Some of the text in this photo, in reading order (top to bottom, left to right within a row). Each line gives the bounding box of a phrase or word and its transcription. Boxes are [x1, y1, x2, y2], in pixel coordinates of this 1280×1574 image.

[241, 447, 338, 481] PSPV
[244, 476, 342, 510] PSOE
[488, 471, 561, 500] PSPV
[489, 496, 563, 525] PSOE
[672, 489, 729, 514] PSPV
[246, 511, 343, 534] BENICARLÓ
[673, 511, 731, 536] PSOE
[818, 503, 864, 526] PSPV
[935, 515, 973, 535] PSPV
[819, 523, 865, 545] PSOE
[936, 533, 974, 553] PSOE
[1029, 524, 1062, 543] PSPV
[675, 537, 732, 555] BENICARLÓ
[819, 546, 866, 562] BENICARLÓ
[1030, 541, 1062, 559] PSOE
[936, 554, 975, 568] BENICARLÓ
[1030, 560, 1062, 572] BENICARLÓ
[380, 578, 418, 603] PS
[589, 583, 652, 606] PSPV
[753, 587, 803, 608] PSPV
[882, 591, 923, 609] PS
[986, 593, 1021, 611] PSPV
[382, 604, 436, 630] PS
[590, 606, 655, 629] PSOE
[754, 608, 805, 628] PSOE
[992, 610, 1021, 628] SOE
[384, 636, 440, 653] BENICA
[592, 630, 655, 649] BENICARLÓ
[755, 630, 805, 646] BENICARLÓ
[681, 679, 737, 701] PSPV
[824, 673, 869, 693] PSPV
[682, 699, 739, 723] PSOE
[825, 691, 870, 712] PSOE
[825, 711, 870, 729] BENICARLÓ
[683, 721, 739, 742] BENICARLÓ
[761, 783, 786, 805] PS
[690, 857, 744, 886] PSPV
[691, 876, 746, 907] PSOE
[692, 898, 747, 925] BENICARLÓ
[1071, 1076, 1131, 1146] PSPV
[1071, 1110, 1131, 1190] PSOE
==================================================
▶ _Action item_
Write out each line exactly, as it is shown above.

▶ _Result of the task_
Some of the text in this photo, in reading order (top to bottom, left to right within a row). Each line gives the bounding box of a phrase or word and its transcription. Boxes are [x1, y1, x2, y2], in pixel coordinates of this 1280×1574 image.

[241, 447, 338, 481] PSPV
[244, 476, 342, 510] PSOE
[488, 471, 561, 500] PSPV
[489, 496, 563, 525] PSOE
[672, 489, 729, 514] PSPV
[246, 511, 343, 534] BENICARLÓ
[673, 511, 731, 536] PSOE
[818, 503, 864, 526] PSPV
[935, 515, 973, 535] PSPV
[819, 523, 865, 545] PSOE
[936, 533, 974, 553] PSOE
[1029, 524, 1062, 543] PSPV
[675, 537, 732, 555] BENICARLÓ
[819, 546, 866, 562] BENICARLÓ
[1030, 541, 1062, 559] PSOE
[936, 554, 975, 568] BENICARLÓ
[1030, 560, 1062, 572] BENICARLÓ
[380, 578, 418, 603] PS
[589, 583, 652, 606] PSPV
[753, 587, 803, 608] PSPV
[882, 591, 923, 609] PS
[986, 593, 1021, 611] PSPV
[382, 604, 436, 630] PS
[590, 606, 655, 629] PSOE
[754, 608, 805, 628] PSOE
[992, 610, 1021, 628] SOE
[384, 636, 440, 653] BENICA
[592, 630, 655, 649] BENICARLÓ
[755, 630, 805, 646] BENICARLÓ
[681, 679, 737, 701] PSPV
[824, 673, 869, 693] PSPV
[682, 699, 739, 723] PSOE
[825, 691, 870, 712] PSOE
[825, 711, 870, 729] BENICARLÓ
[683, 721, 739, 742] BENICARLÓ
[761, 783, 786, 805] PS
[690, 857, 744, 886] PSPV
[691, 876, 746, 907] PSOE
[692, 898, 747, 925] BENICARLÓ
[1071, 1076, 1131, 1146] PSPV
[1071, 1110, 1131, 1190] PSOE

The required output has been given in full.